Transcribe each entry exactly; skip the images.
START PROVIDED DATA
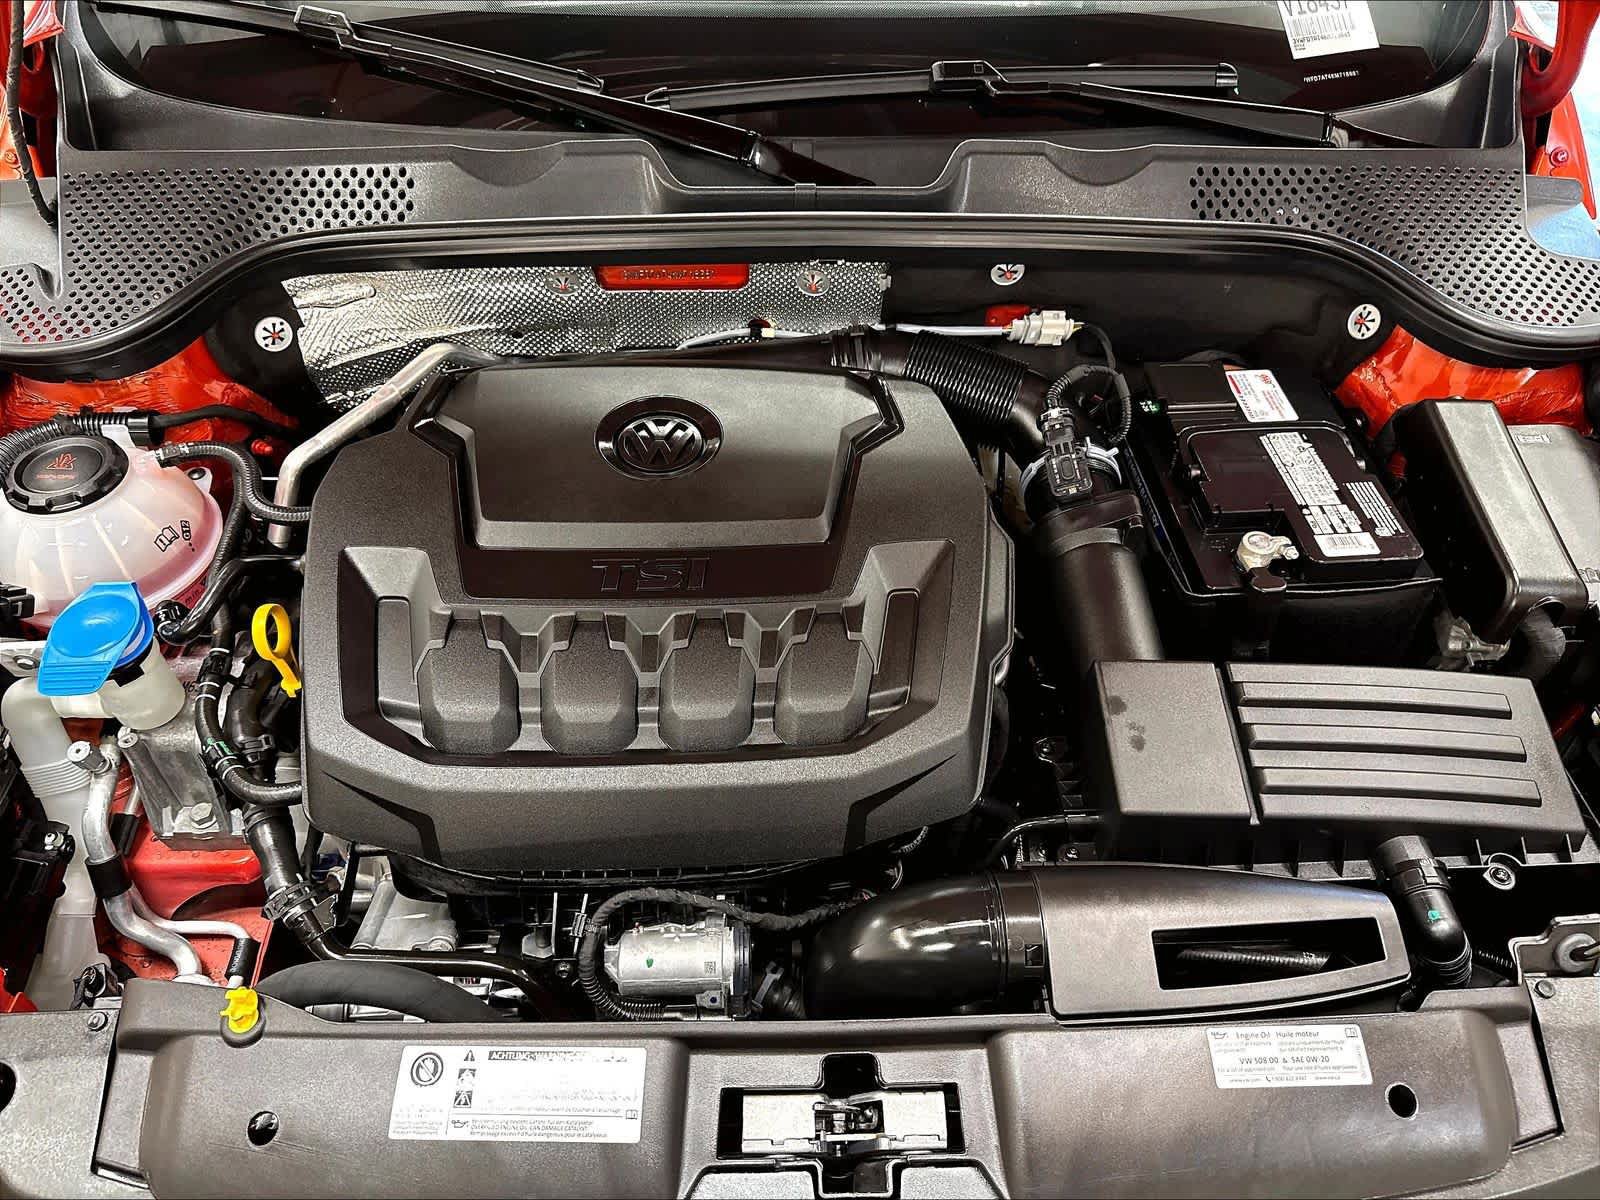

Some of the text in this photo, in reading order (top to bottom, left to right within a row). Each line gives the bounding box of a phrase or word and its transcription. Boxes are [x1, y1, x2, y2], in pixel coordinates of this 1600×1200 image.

[592, 556, 712, 593] TSI
[1236, 1030, 1320, 1041] Engine Oil Huile moteur
[1239, 1056, 1253, 1065] VW
[1282, 1056, 1288, 1064] &
[1305, 1055, 1330, 1063] 0W-20
END PROVIDED DATA
▶ _RESULT BELOW_:
Some of the text in this photo, in reading order (top to bottom, left to right within a row). Each line gives the bounding box of a phrase or word and its transcription. Boxes are [x1, y1, x2, y2], in pixel coordinates of this 1600×1200 image.

[592, 556, 712, 593] TSI
[1236, 1030, 1320, 1041] Engine Oil Huile moteur
[1239, 1056, 1253, 1065] VW
[1282, 1056, 1288, 1064] &
[1305, 1055, 1330, 1063] 0W-20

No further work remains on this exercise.